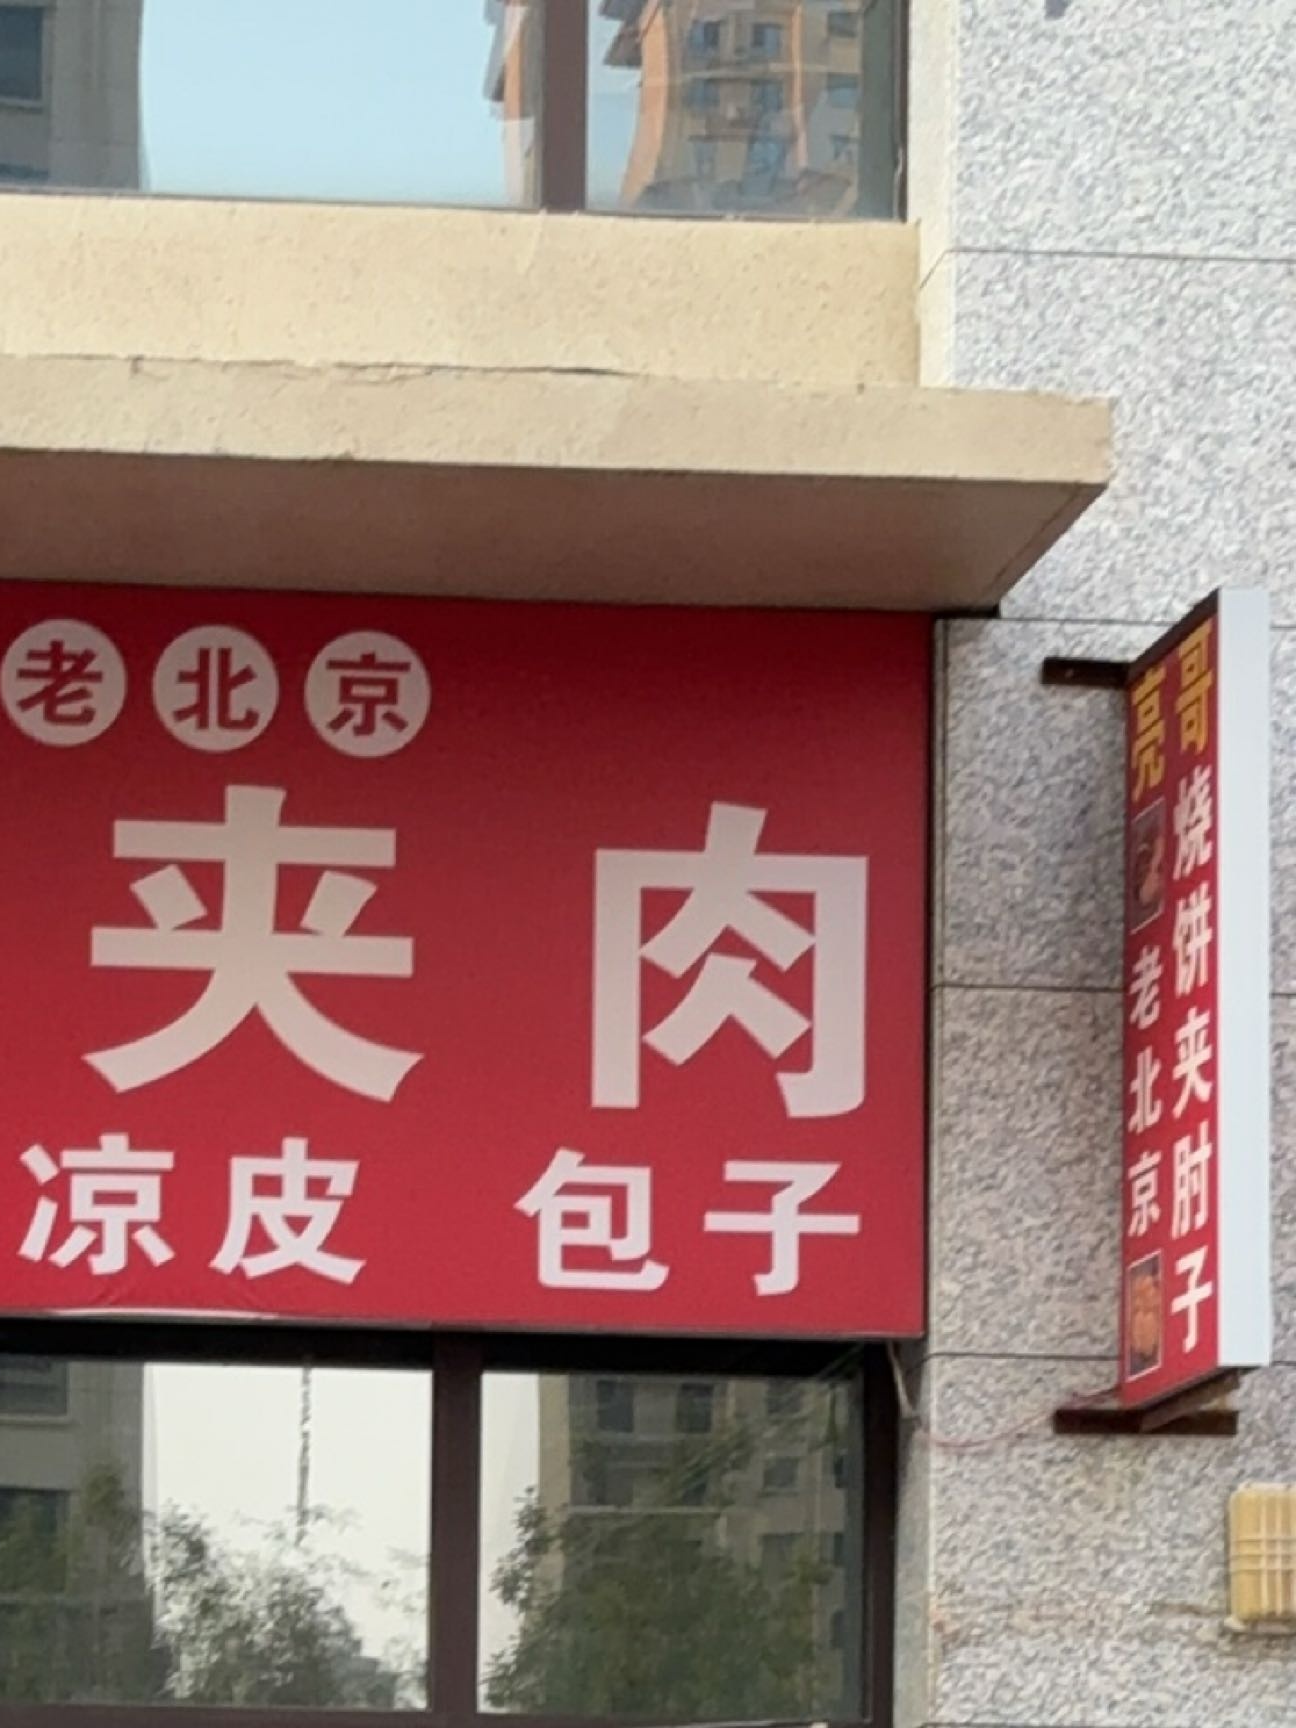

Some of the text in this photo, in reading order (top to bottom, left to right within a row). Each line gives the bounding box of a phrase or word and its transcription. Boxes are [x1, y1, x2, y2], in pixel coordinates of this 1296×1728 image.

[1131, 617, 1214, 801] 亮哥
[1127, 943, 1163, 1239] 老北京
[1170, 764, 1214, 1353] 烧饼夹肘子
[17, 1132, 367, 1285] 凉皮
[513, 1146, 862, 1298] 包子

• [WHAT THE EXERCISE ASKS] Word-for-word transcription: the whole listing, with images excluded.

• [TASK SOLUTION]
Some of the text in this photo, in reading order (top to bottom, left to right within a row). Each line gives the bounding box of a phrase or word and its transcription. Boxes are [x1, y1, x2, y2], in pixel coordinates of this 1296×1728 image.

[1131, 617, 1214, 801] 亮哥
[1127, 943, 1163, 1239] 老北京
[1170, 764, 1214, 1353] 烧饼夹肘子
[17, 1132, 367, 1285] 凉皮
[513, 1146, 862, 1298] 包子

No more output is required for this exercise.